A truss bridge is any bridge whose individual members are connected in a triangular pattern. Truss bridges date back to at least the 16th century, although the metal truss bridge, such as the Fair Oaks Bridge, dates only to the 1840s. These metal truss bridges, especially the Pratt and Warren trusses, facilitated the enormous expansion of railroad lines in the late 19th century and were instrumental in turn-of-the-century highway construction as well. The trusses form vertical sides to the bridge, connected to one another by traverse beams, and by stingers and other members which support the deck. Each truss always includes a top and bottom chord, the major beams which resist the bending induced by stresses on the bridge. The top and bottom are connected by some combination of vertical and/or diagonal members, usually both, as well as by major beams at each end, called endposts.

===Pratt truss forms===
The Pratt truss form, invented in 1844 by Thomas and Caleb Pratt, is the most common truss form in California and the United States. This form first appeared as a "combination truss" built in wood and iron with wooden vertical members, chords, and endposts, and iron tension diagonals. The basic form changed to all-metal construction by the 1880s.

It retained the light metal diagonals but substituted heavier metal beams, posts, and chords for the wooden members. The most common Pratt type is the through truss in which the deck is carried on the lower chord, with overhead lateral supports connecting the top chords. Finally, the Pennsylvania Petit is a Pratt truss with a polygonal top chord and includes reinforcing sub-struts and sub-ties. These half-length members reinforced the diagonals and helped resist stresses.

==Summary==

The current Fair Oaks Bridge is the third manifestation of an overpass over the American River and connects Fair Oaks to the greater Sacramento region.

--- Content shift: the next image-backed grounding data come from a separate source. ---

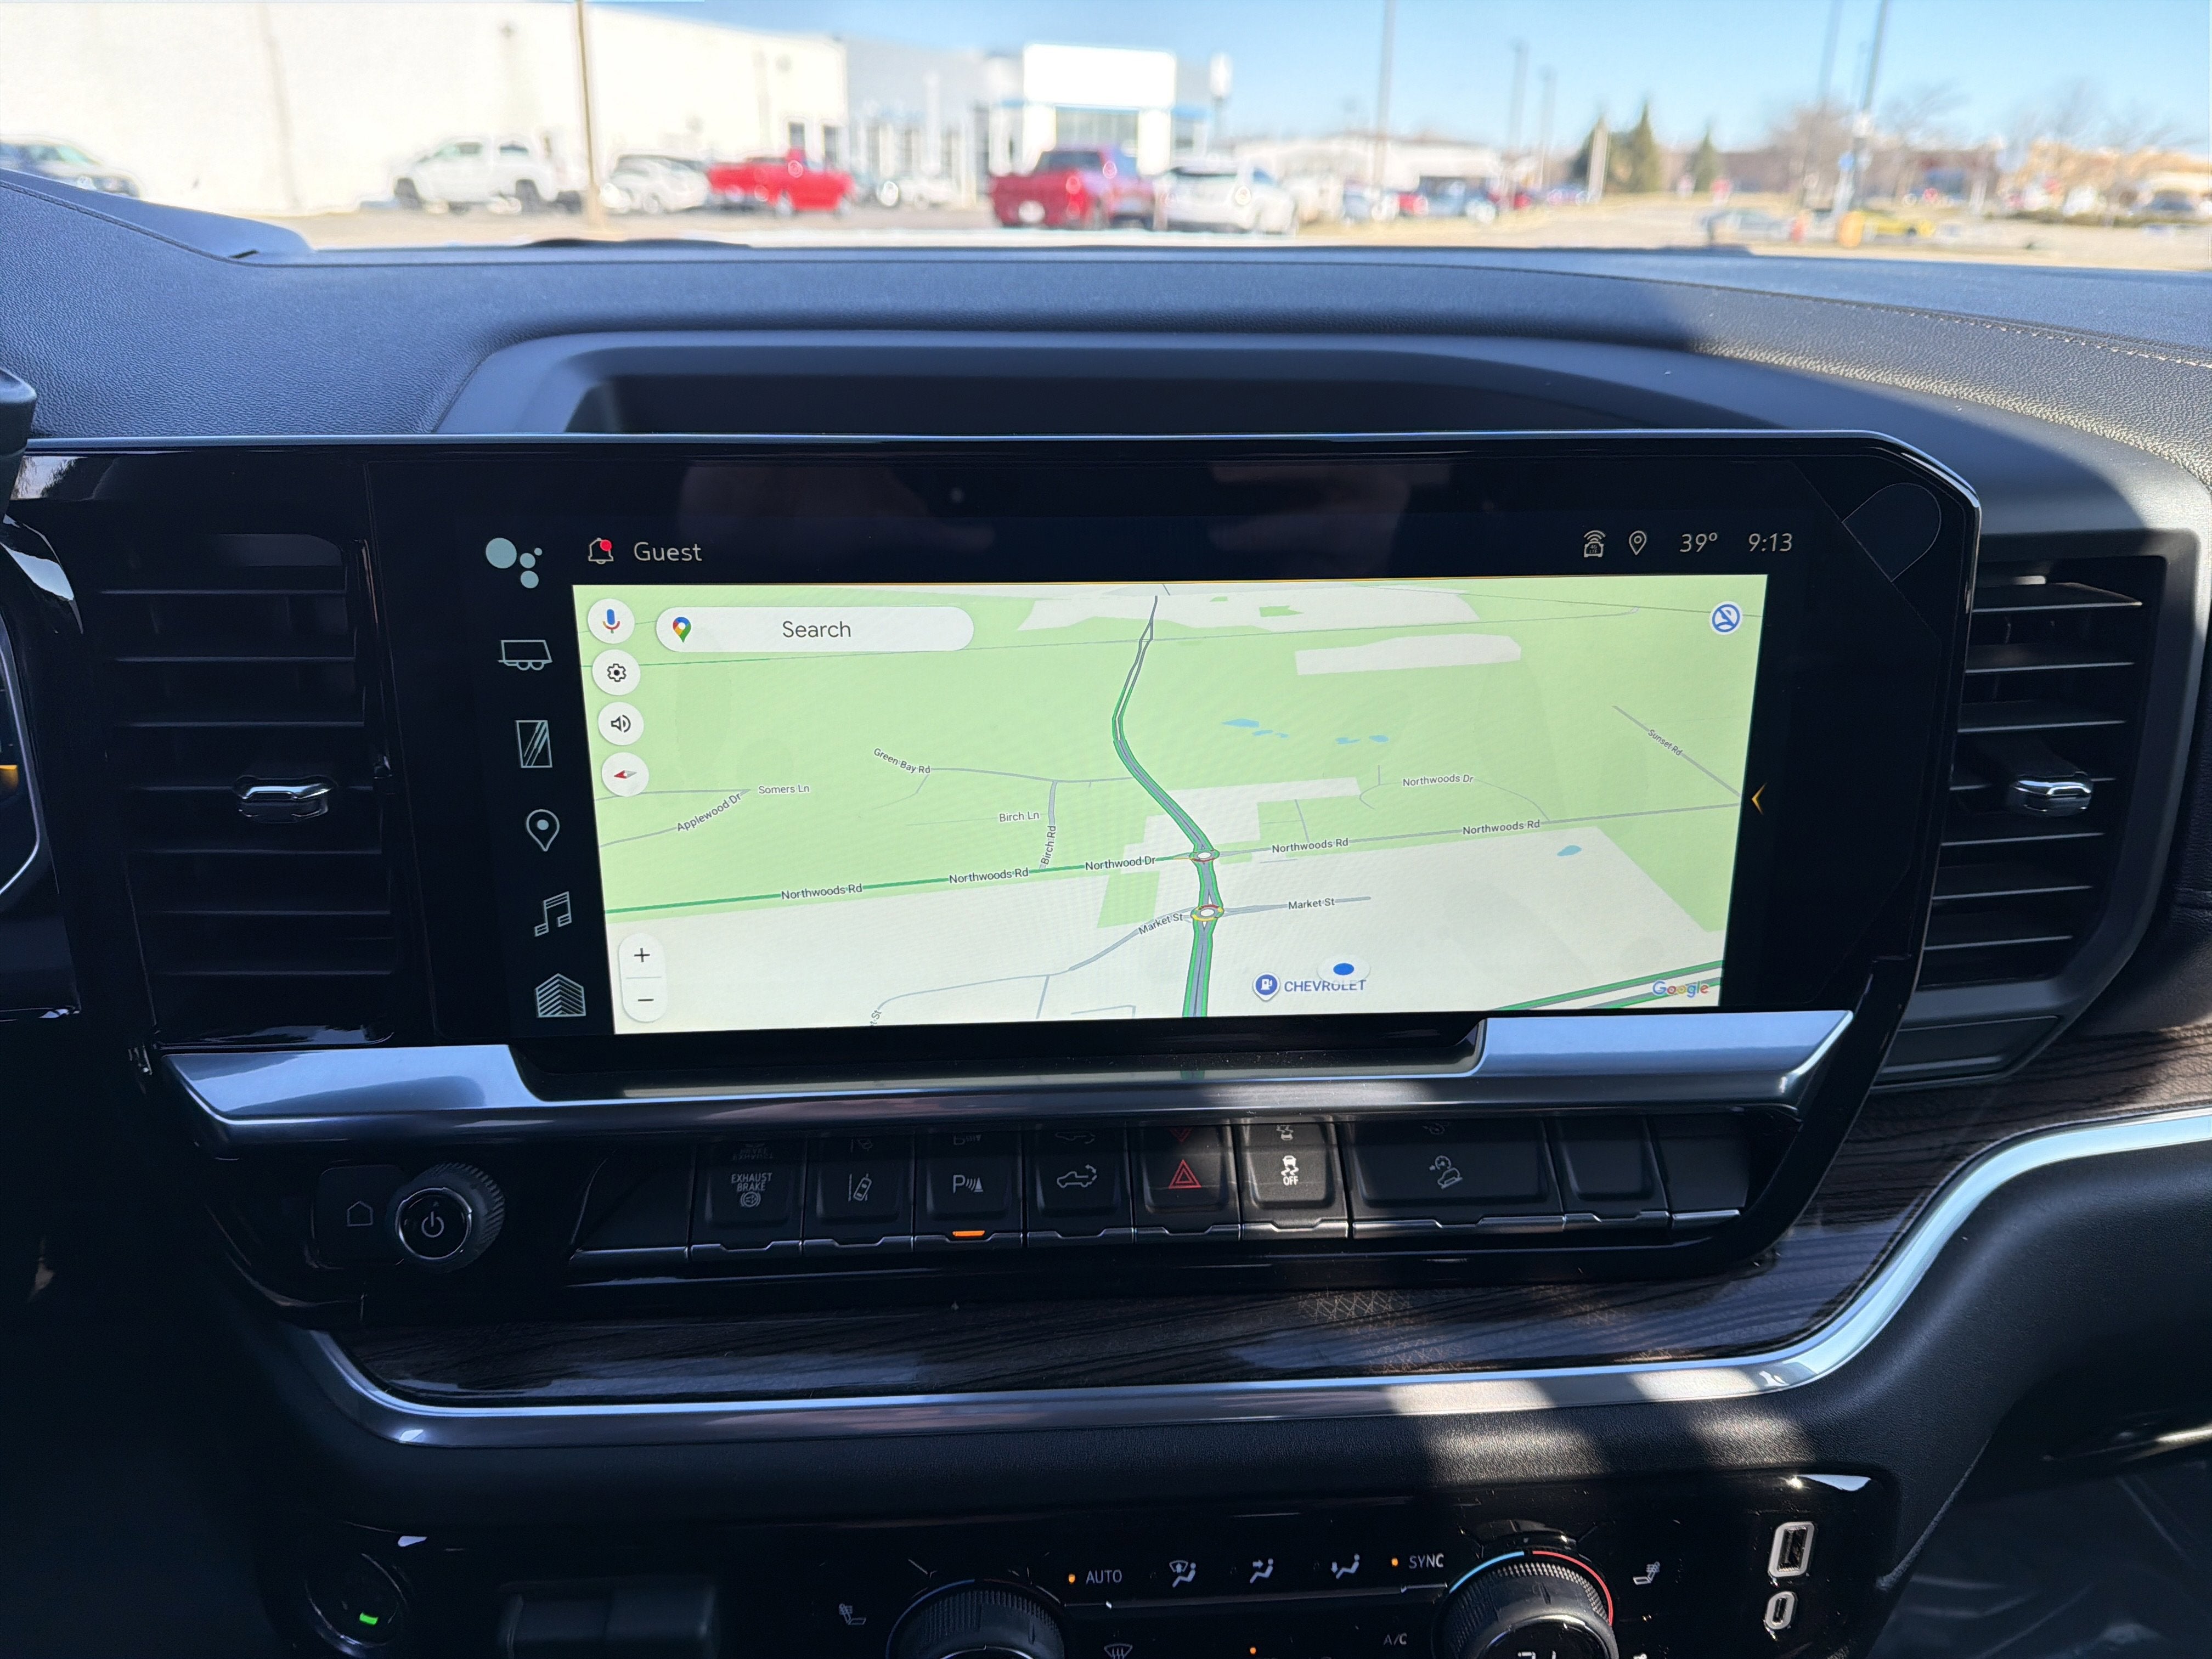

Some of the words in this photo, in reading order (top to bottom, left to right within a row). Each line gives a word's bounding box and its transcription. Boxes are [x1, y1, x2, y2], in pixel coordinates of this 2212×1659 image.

[1748, 533, 1793, 552] 9:13
[634, 541, 702, 562] Guest
[782, 621, 851, 639] Search
[1648, 729, 1672, 748] Sunset
[1672, 745, 1683, 756] Rd
[873, 748, 899, 764] Green
[899, 760, 917, 775] Bay
[918, 765, 931, 774] Rd
[758, 784, 795, 794] Somers
[798, 783, 810, 793] Ln
[1402, 774, 1461, 787] Northwoods
[1463, 774, 1474, 783] Dr
[676, 799, 731, 832] Applewood
[730, 792, 742, 805] Dr
[999, 812, 1024, 822] Birch
[1027, 811, 1040, 820] Ln
[1046, 825, 1057, 839] Rd
[1462, 822, 1525, 836] Northwoods
[1527, 820, 1541, 829] Rd
[1040, 840, 1054, 865] Birch
[1272, 839, 1333, 854] Northwoods
[1335, 838, 1348, 848] Rd
[1085, 858, 1143, 871] Northwood
[1144, 855, 1155, 865] Dr
[949, 870, 1012, 884] Northwoods
[1014, 867, 1029, 877] Rd
[781, 884, 846, 900] Northwoods
[848, 883, 863, 893] Rd
[1288, 899, 1322, 910] Market
[1323, 898, 1335, 907] St
[1138, 915, 1171, 935] Market
[1172, 912, 1183, 922] St
[1652, 980, 1709, 997] Google
[871, 1010, 882, 1019] St
[731, 1172, 772, 1183] EXHAUST
[1283, 1176, 1299, 1186] OFF
[737, 1182, 766, 1192] BRAKE
[1408, 1553, 1444, 1569] SYNC
[1086, 1568, 1122, 1584] AUTO
[1383, 1632, 1408, 1646] A/C

Once a major crossing over the American River, it has been bypassed by the construction of bridges at Sunrise and Hazel in the 1950s and 1960s. The bridge, however, continues to serve as a pedestrian and bicycle crossing and remains a cultural icon for the local community. On September 25, 2006, the keeper of the National Register of Historic Places listed the Old Fair Oaks Bridge as a National Historic Site. The bridge successfully listed under the Register's criterion A (associative history) and C (architectural significance).